§ **WHAT YOU ARE ASKED TO DO**
Every line of the data is to be transcribed without error.

§ **RECORDS FOR PROCESSING**
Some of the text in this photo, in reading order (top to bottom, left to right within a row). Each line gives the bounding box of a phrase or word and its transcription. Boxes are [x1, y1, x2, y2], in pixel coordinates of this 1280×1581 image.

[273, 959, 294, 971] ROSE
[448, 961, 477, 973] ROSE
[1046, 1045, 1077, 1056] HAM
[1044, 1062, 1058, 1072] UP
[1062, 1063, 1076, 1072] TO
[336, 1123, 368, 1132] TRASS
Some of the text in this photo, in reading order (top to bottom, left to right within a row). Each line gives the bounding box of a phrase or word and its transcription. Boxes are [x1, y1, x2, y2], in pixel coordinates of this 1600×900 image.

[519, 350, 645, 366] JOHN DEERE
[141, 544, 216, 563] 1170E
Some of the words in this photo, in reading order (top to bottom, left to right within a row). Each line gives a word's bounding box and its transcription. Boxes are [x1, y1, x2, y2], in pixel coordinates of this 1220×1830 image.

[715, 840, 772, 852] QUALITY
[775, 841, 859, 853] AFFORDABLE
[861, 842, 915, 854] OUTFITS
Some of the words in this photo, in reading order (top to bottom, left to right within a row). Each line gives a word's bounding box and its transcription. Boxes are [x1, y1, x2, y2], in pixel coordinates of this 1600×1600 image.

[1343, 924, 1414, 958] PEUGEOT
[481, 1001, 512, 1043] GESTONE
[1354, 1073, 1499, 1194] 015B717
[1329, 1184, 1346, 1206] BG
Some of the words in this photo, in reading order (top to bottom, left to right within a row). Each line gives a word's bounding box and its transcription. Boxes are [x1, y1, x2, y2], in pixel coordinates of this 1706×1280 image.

§ **REPLY**
Some of the text in this photo, in reading order (top to bottom, left to right within a row). Each line gives the bounding box of a phrase or word and its transcription. Boxes are [x1, y1, x2, y2], in pixel coordinates of this 1280×1581 image.

[273, 959, 294, 971] ROSE
[448, 961, 477, 973] ROSE
[1046, 1045, 1077, 1056] HAM
[1044, 1062, 1058, 1072] UP
[1062, 1063, 1076, 1072] TO
[336, 1123, 368, 1132] TRASS
Some of the text in this photo, in reading order (top to bottom, left to right within a row). Each line gives the bounding box of a phrase or word and its transcription. Boxes are [x1, y1, x2, y2], in pixel coordinates of this 1600×900 image.

[519, 350, 645, 366] JOHN DEERE
[141, 544, 216, 563] 1170E
Some of the words in this photo, in reading order (top to bottom, left to right within a row). Each line gives a word's bounding box and its transcription. Boxes are [x1, y1, x2, y2], in pixel coordinates of this 1220×1830 image.

[715, 840, 772, 852] QUALITY
[775, 841, 859, 853] AFFORDABLE
[861, 842, 915, 854] OUTFITS
Some of the words in this photo, in reading order (top to bottom, left to right within a row). Each line gives a word's bounding box and its transcription. Boxes are [x1, y1, x2, y2], in pixel coordinates of this 1600×1600 image.

[1343, 924, 1414, 958] PEUGEOT
[481, 1001, 512, 1043] GESTONE
[1354, 1073, 1499, 1194] 015B717
[1329, 1184, 1346, 1206] BG
Some of the words in this photo, in reading order (top to bottom, left to right within a row). Each line gives a word's bounding box and its transcription. Boxes are [x1, y1, x2, y2], in pixel coordinates of this 1706×1280 image.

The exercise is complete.